Cultivated food

Study says lab-cultured meat and insects ‘good for planet and health’

Scientists argue resource pressures on the planet could be reduced by more than 80% with novel foods, compared with the environmental impact of a typical European diet.


Scientists claim artificial meat manufactured in a laboratory, or crushed insect meal might lead to big savings in CO2 emissions and water use as well as freeing up agricultural land to be reserved for nature.

The conclusion is the result of a new study from Finland that calculated the environmental advantages of the “greener” food that could be on its way to your dinner plate, the BBC reported.

Scientists argue resource pressures on the planet could be reduced by more than 80% with novel foods, compared with the environmental impact of a typical European diet.

It has not yet been determined if consumers will embrace the idea of artificial meat and insects to shift their eating habits.

A raft of new foods is being engineered with the aim of providing food sources that are protein-rich and nutrient-dense, while being easier on the planet, since the novel food varieties will use less water and land, the study said.

Scientists in Finland examined the nutritional profile of some of the novel food products and looked at three measures of environmental pressure: the use of water, land, and the potential CO2 emissions.

Scientists said alternative diets, such as vegetarian, vegan or flexitarian, had demonstrated multiple benefits, both environmental and health.

Photo by Jeremy Bezanger on Unsplash

“With significant reductions in animal-sourced foods and substitutions with novel or future foods and plant-based protein alternatives, you can have significant reductions in environmental impacts in terms of global warming potential, land use, and water use,” said Rachel Mazac, lead author of the study.

EU researchers previously said worms, eaten whole or in powder form, are protein-rich, while the UN Food and Agriculture Organization said that edible insects “contain high-quality protein, vitamins, and amino acids for humans.”

In Western countries, insects aren’t traditionally regarded as food, and consumers’ willingness to eat foods of insect origin is weak. However, the likelihood of accepting insects as food tends to increase with consumers’ considerations of the environmental impact of food production.

A 2019 study looked at the prevailing attitude to artificial meat and insect meal as food for humans.

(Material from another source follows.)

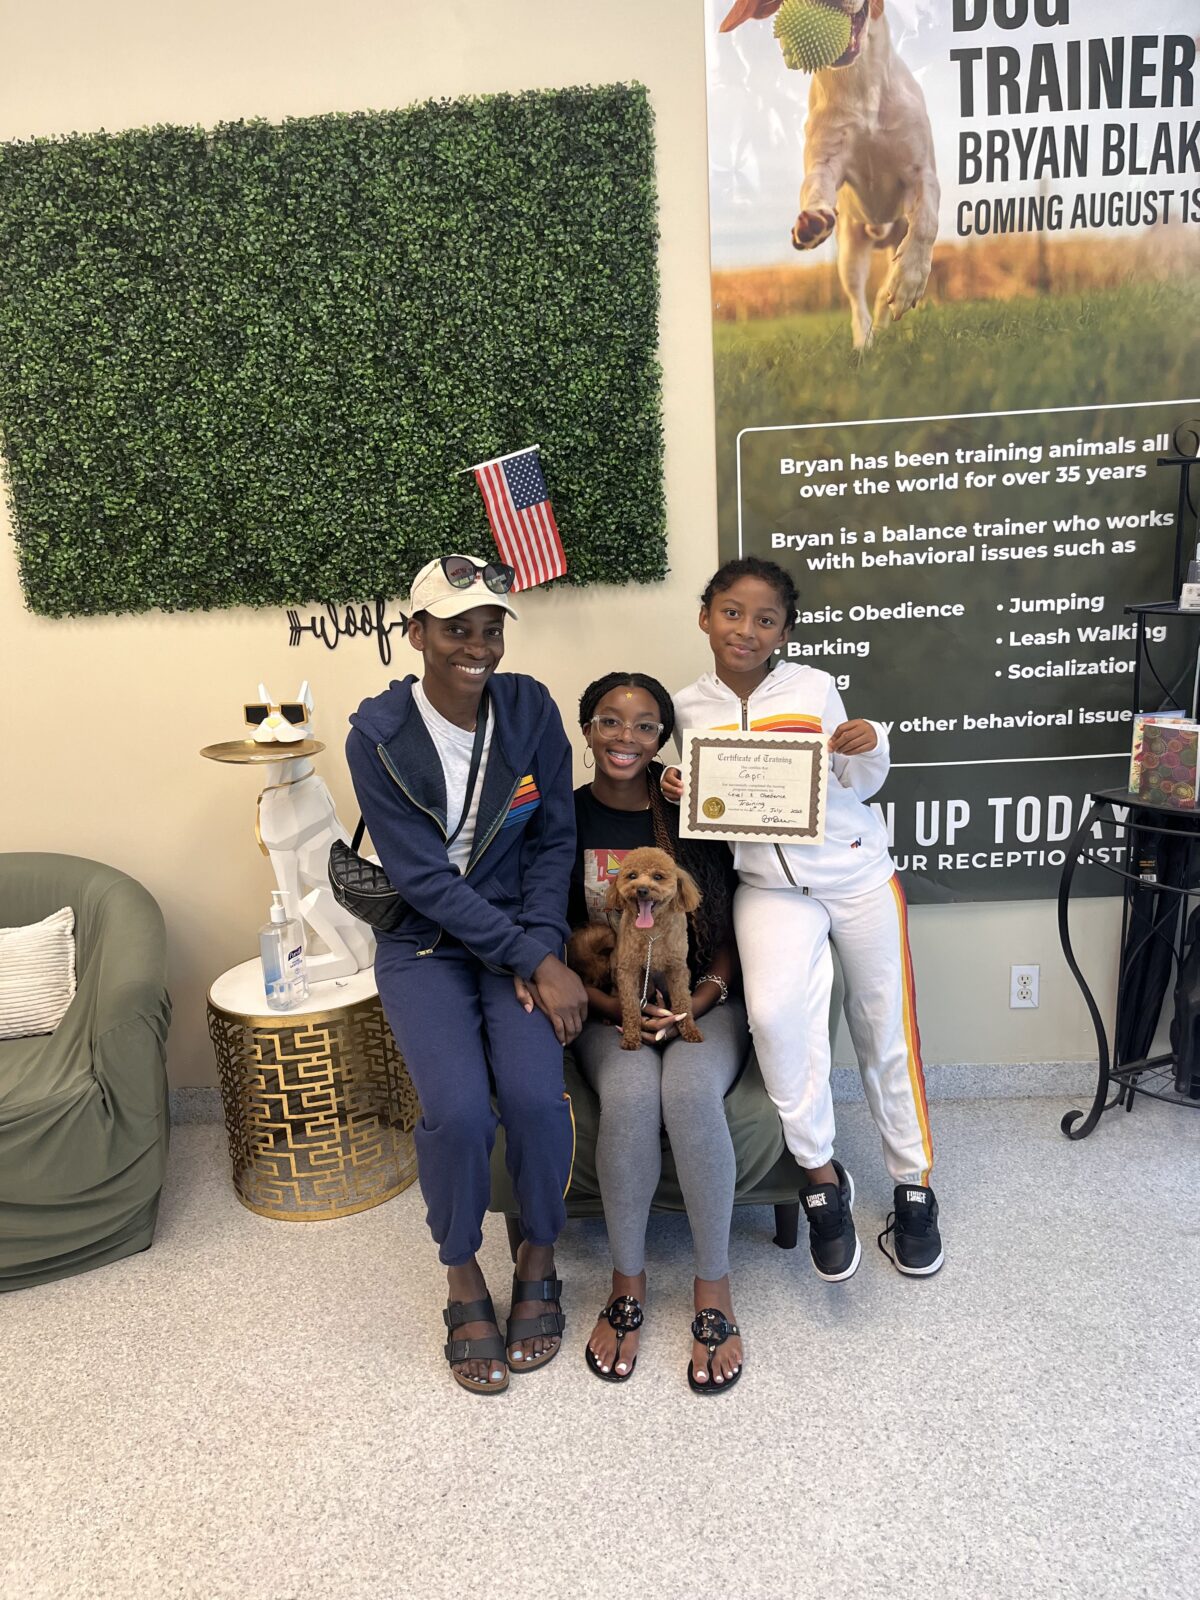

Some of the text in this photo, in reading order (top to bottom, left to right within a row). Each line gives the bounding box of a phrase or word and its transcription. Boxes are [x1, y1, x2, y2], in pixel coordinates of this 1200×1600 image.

Researchers at the University of Eastern Finland and the University of Helsinki researched consumers’ intentions to eat foods of insect origin among vegans, non-vegan vegetarians, and omnivores. They examined the attitudes and phobias toward the consumption of foods of insect origin, as well as the conditions for eating insect-based foods among these dietary groups. Altogether 567 people participated in the study by filling out an online survey.

Vegans held the most rigid negative attitude toward consuming foods of insect origin.

Non-vegan vegetarians expressed the most interest toward eating insects. By contrast, vegans considered insect consumption irresponsible and morally wrong.

“This is something we expected. We expected there to be differences between these three groups, and we expected vegans to have the most negative attitude towards eating insects. Vegans see insects as living beings, just like any other animals. It was also highlighted in the vegans’ survey responses that eating insects in the West doesn’t solve the world’s shortage of food, especially when edible food goes to waste all the time,” Professor Anna-Liisa Elorinne from the University of Eastern Finland said.

Food legislation around the consumption of insects for humans is still lacking industry standards. In particular, insects are not included in the United Nation’s Codex Alimentarius, an international guideline for food safety and control.

In Canada, crickets are not considered a novel food, and today the largest breeder of crickets, mealworms, and superworms in North America is located in Canada.

Additions to the Codex Alimentarius are decided by member nations of the Food and Agriculture Organization of the United Nations at their quadrennial meetings.

The Finland study published in the journal Nature Food looked at new foods predicted to become more common in our diets in the next years, most of which depend on high-tech approaches to grow plants and animals’ cells in bioreactors.

Dr. Asaf Tzachor of the University of Cambridge, who was not a part of the study, said that while the findings are promising, consumers’ hesitation to change their diets may delay, or perhaps even hinder, this much-needed transformation.